* [The task]
Repeat every entry exactly as it appears.

* [Exercise material]
╔══

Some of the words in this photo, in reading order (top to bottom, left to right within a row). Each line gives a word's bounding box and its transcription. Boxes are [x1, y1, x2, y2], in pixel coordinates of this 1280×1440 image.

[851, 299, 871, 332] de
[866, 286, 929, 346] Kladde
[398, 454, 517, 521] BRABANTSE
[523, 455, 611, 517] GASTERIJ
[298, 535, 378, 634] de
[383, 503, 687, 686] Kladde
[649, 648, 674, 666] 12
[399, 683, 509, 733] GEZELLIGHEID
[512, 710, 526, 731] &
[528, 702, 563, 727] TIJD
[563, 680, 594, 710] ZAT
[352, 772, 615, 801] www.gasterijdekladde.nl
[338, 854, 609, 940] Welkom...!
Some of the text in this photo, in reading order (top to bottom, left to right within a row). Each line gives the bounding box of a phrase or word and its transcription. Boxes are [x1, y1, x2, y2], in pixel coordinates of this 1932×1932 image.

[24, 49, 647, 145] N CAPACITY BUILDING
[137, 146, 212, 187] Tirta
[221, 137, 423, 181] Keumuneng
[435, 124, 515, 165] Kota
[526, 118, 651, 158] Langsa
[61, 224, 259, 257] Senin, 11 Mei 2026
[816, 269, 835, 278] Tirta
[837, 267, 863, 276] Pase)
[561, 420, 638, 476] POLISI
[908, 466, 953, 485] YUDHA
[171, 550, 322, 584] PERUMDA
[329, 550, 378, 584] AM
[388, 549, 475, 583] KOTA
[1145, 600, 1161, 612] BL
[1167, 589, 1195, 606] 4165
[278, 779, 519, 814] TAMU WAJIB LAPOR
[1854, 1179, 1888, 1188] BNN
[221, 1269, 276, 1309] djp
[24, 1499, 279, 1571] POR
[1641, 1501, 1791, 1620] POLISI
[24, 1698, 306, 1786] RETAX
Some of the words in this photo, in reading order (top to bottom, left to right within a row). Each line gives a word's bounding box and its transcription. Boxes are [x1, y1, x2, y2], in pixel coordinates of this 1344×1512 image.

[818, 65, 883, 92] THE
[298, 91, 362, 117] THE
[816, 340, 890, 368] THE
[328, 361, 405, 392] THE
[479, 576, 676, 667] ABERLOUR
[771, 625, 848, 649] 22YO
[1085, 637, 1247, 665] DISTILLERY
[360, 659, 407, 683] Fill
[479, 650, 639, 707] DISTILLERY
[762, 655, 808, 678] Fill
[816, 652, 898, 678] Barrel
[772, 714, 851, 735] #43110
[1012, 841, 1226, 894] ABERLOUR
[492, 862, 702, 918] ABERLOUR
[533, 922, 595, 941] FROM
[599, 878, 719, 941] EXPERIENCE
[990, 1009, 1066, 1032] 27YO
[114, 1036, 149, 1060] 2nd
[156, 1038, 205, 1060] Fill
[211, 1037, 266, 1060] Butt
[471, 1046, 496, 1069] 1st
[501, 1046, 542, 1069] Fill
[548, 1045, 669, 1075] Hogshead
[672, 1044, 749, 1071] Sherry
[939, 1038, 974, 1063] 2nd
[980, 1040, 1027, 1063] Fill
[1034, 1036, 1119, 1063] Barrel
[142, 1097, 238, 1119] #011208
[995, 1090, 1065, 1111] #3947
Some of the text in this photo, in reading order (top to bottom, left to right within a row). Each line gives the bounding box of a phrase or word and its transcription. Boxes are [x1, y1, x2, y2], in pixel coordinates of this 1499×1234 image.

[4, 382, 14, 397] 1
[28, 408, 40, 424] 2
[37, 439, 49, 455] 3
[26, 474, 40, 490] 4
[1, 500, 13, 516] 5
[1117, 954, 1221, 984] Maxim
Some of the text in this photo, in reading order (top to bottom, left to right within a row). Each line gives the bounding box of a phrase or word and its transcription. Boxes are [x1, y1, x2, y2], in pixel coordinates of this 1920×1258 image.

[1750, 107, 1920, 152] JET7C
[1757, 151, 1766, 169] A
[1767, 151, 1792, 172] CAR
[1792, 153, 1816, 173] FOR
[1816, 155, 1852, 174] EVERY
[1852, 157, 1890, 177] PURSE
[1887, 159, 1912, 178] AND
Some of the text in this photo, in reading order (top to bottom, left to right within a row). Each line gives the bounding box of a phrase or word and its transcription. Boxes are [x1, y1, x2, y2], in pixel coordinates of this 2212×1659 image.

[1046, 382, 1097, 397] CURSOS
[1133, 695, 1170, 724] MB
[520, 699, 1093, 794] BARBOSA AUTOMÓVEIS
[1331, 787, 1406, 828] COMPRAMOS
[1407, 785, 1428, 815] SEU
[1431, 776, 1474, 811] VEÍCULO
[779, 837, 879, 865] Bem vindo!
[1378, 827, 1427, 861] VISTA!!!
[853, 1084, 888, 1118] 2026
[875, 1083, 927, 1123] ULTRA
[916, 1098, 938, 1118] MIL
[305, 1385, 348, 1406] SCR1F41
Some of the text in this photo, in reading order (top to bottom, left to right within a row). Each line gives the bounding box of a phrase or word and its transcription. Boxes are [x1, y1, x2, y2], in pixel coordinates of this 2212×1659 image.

╚══

* [Expected output]
Some of the words in this photo, in reading order (top to bottom, left to right within a row). Each line gives a word's bounding box and its transcription. Boxes are [x1, y1, x2, y2], in pixel coordinates of this 1280×1440 image.

[851, 299, 871, 332] de
[866, 286, 929, 346] Kladde
[398, 454, 517, 521] BRABANTSE
[523, 455, 611, 517] GASTERIJ
[298, 535, 378, 634] de
[383, 503, 687, 686] Kladde
[649, 648, 674, 666] 12
[399, 683, 509, 733] GEZELLIGHEID
[512, 710, 526, 731] &
[528, 702, 563, 727] TIJD
[563, 680, 594, 710] ZAT
[352, 772, 615, 801] www.gasterijdekladde.nl
[338, 854, 609, 940] Welkom...!
Some of the text in this photo, in reading order (top to bottom, left to right within a row). Each line gives the bounding box of a phrase or word and its transcription. Boxes are [x1, y1, x2, y2], in pixel coordinates of this 1932×1932 image.

[24, 49, 647, 145] N CAPACITY BUILDING
[137, 146, 212, 187] Tirta
[221, 137, 423, 181] Keumuneng
[435, 124, 515, 165] Kota
[526, 118, 651, 158] Langsa
[61, 224, 259, 257] Senin, 11 Mei 2026
[816, 269, 835, 278] Tirta
[837, 267, 863, 276] Pase)
[561, 420, 638, 476] POLISI
[908, 466, 953, 485] YUDHA
[171, 550, 322, 584] PERUMDA
[329, 550, 378, 584] AM
[388, 549, 475, 583] KOTA
[1145, 600, 1161, 612] BL
[1167, 589, 1195, 606] 4165
[278, 779, 519, 814] TAMU WAJIB LAPOR
[1854, 1179, 1888, 1188] BNN
[221, 1269, 276, 1309] djp
[24, 1499, 279, 1571] POR
[1641, 1501, 1791, 1620] POLISI
[24, 1698, 306, 1786] RETAX
Some of the words in this photo, in reading order (top to bottom, left to right within a row). Each line gives a word's bounding box and its transcription. Boxes are [x1, y1, x2, y2], in pixel coordinates of this 1344×1512 image.

[818, 65, 883, 92] THE
[298, 91, 362, 117] THE
[816, 340, 890, 368] THE
[328, 361, 405, 392] THE
[479, 576, 676, 667] ABERLOUR
[771, 625, 848, 649] 22YO
[1085, 637, 1247, 665] DISTILLERY
[360, 659, 407, 683] Fill
[479, 650, 639, 707] DISTILLERY
[762, 655, 808, 678] Fill
[816, 652, 898, 678] Barrel
[772, 714, 851, 735] #43110
[1012, 841, 1226, 894] ABERLOUR
[492, 862, 702, 918] ABERLOUR
[533, 922, 595, 941] FROM
[599, 878, 719, 941] EXPERIENCE
[990, 1009, 1066, 1032] 27YO
[114, 1036, 149, 1060] 2nd
[156, 1038, 205, 1060] Fill
[211, 1037, 266, 1060] Butt
[471, 1046, 496, 1069] 1st
[501, 1046, 542, 1069] Fill
[548, 1045, 669, 1075] Hogshead
[672, 1044, 749, 1071] Sherry
[939, 1038, 974, 1063] 2nd
[980, 1040, 1027, 1063] Fill
[1034, 1036, 1119, 1063] Barrel
[142, 1097, 238, 1119] #011208
[995, 1090, 1065, 1111] #3947
Some of the text in this photo, in reading order (top to bottom, left to right within a row). Each line gives the bounding box of a phrase or word and its transcription. Boxes are [x1, y1, x2, y2], in pixel coordinates of this 1499×1234 image.

[4, 382, 14, 397] 1
[28, 408, 40, 424] 2
[37, 439, 49, 455] 3
[26, 474, 40, 490] 4
[1, 500, 13, 516] 5
[1117, 954, 1221, 984] Maxim
Some of the text in this photo, in reading order (top to bottom, left to right within a row). Each line gives the bounding box of a phrase or word and its transcription. Boxes are [x1, y1, x2, y2], in pixel coordinates of this 1920×1258 image.

[1750, 107, 1920, 152] JET7C
[1757, 151, 1766, 169] A
[1767, 151, 1792, 172] CAR
[1792, 153, 1816, 173] FOR
[1816, 155, 1852, 174] EVERY
[1852, 157, 1890, 177] PURSE
[1887, 159, 1912, 178] AND
Some of the text in this photo, in reading order (top to bottom, left to right within a row). Each line gives the bounding box of a phrase or word and its transcription. Boxes are [x1, y1, x2, y2], in pixel coordinates of this 2212×1659 image.

[1046, 382, 1097, 397] CURSOS
[1133, 695, 1170, 724] MB
[520, 699, 1093, 794] BARBOSA AUTOMÓVEIS
[1331, 787, 1406, 828] COMPRAMOS
[1407, 785, 1428, 815] SEU
[1431, 776, 1474, 811] VEÍCULO
[779, 837, 879, 865] Bem vindo!
[1378, 827, 1427, 861] VISTA!!!
[853, 1084, 888, 1118] 2026
[875, 1083, 927, 1123] ULTRA
[916, 1098, 938, 1118] MIL
[305, 1385, 348, 1406] SCR1F41
Some of the text in this photo, in reading order (top to bottom, left to right within a row). Each line gives the bounding box of a phrase or word and its transcription. Boxes are [x1, y1, x2, y2], in pixel coordinates of this 2212×1659 image.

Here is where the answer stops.